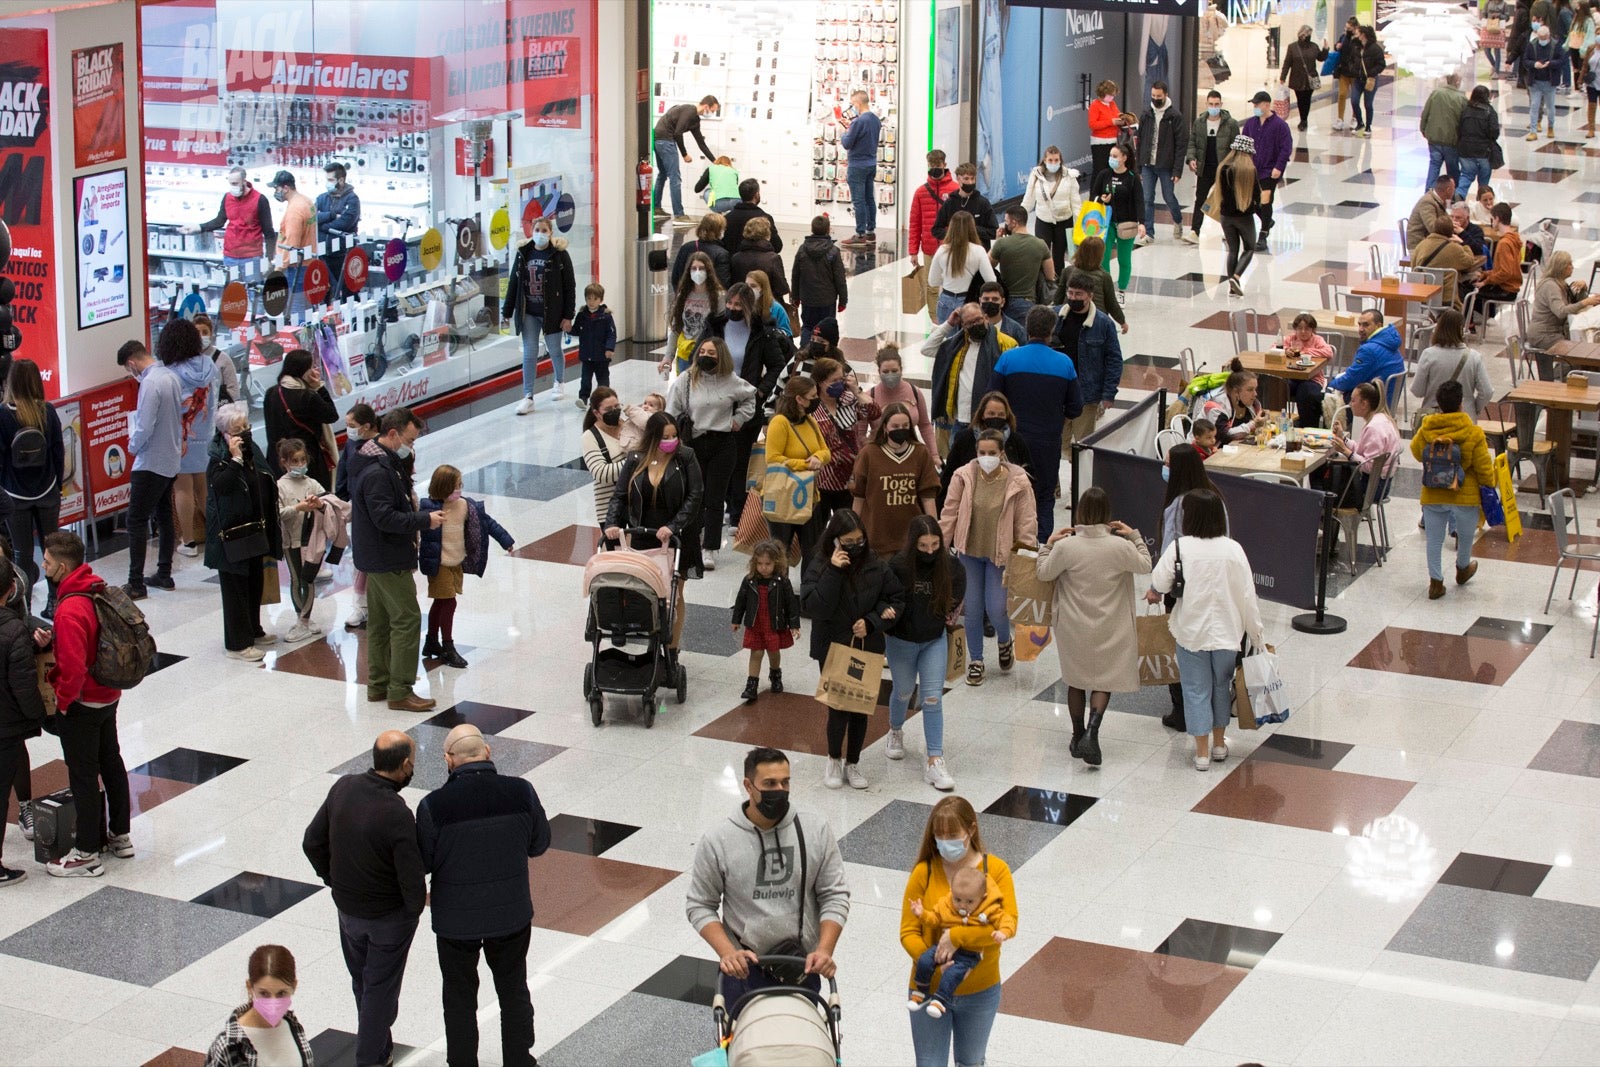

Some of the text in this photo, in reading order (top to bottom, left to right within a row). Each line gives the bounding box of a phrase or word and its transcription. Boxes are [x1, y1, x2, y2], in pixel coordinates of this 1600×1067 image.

[521, 8, 575, 41] VIERNES
[528, 40, 568, 58] BLACK
[1074, 35, 1096, 49] SHOPPING
[78, 48, 114, 77] BLACK
[528, 55, 568, 71] FRIDAY
[77, 68, 113, 96] FRIDAY
[271, 59, 409, 92] Auriculares
[100, 200, 120, 210] importa
[13, 247, 42, 258] aquí los
[386, 253, 404, 267] yoigo
[223, 299, 246, 311] simyo
[91, 403, 99, 411] Por
[104, 395, 124, 407] seguridad
[99, 420, 122, 433] necesario
[880, 475, 916, 493] Toge
[886, 490, 917, 506] ther
[752, 887, 795, 900] Bulevip
——————————
=== INSTRUCTIONS TO FOLLOW ===
Every line of the data above should be quoted exactly. Omit the pictures.

=== REPLY ===
Some of the text in this photo, in reading order (top to bottom, left to right within a row). Each line gives the bounding box of a phrase or word and its transcription. Boxes are [x1, y1, x2, y2], in pixel coordinates of this 1600×1067 image.

[521, 8, 575, 41] VIERNES
[528, 40, 568, 58] BLACK
[1074, 35, 1096, 49] SHOPPING
[78, 48, 114, 77] BLACK
[528, 55, 568, 71] FRIDAY
[77, 68, 113, 96] FRIDAY
[271, 59, 409, 92] Auriculares
[100, 200, 120, 210] importa
[13, 247, 42, 258] aquí los
[386, 253, 404, 267] yoigo
[223, 299, 246, 311] simyo
[91, 403, 99, 411] Por
[104, 395, 124, 407] seguridad
[99, 420, 122, 433] necesario
[880, 475, 916, 493] Toge
[886, 490, 917, 506] ther
[752, 887, 795, 900] Bulevip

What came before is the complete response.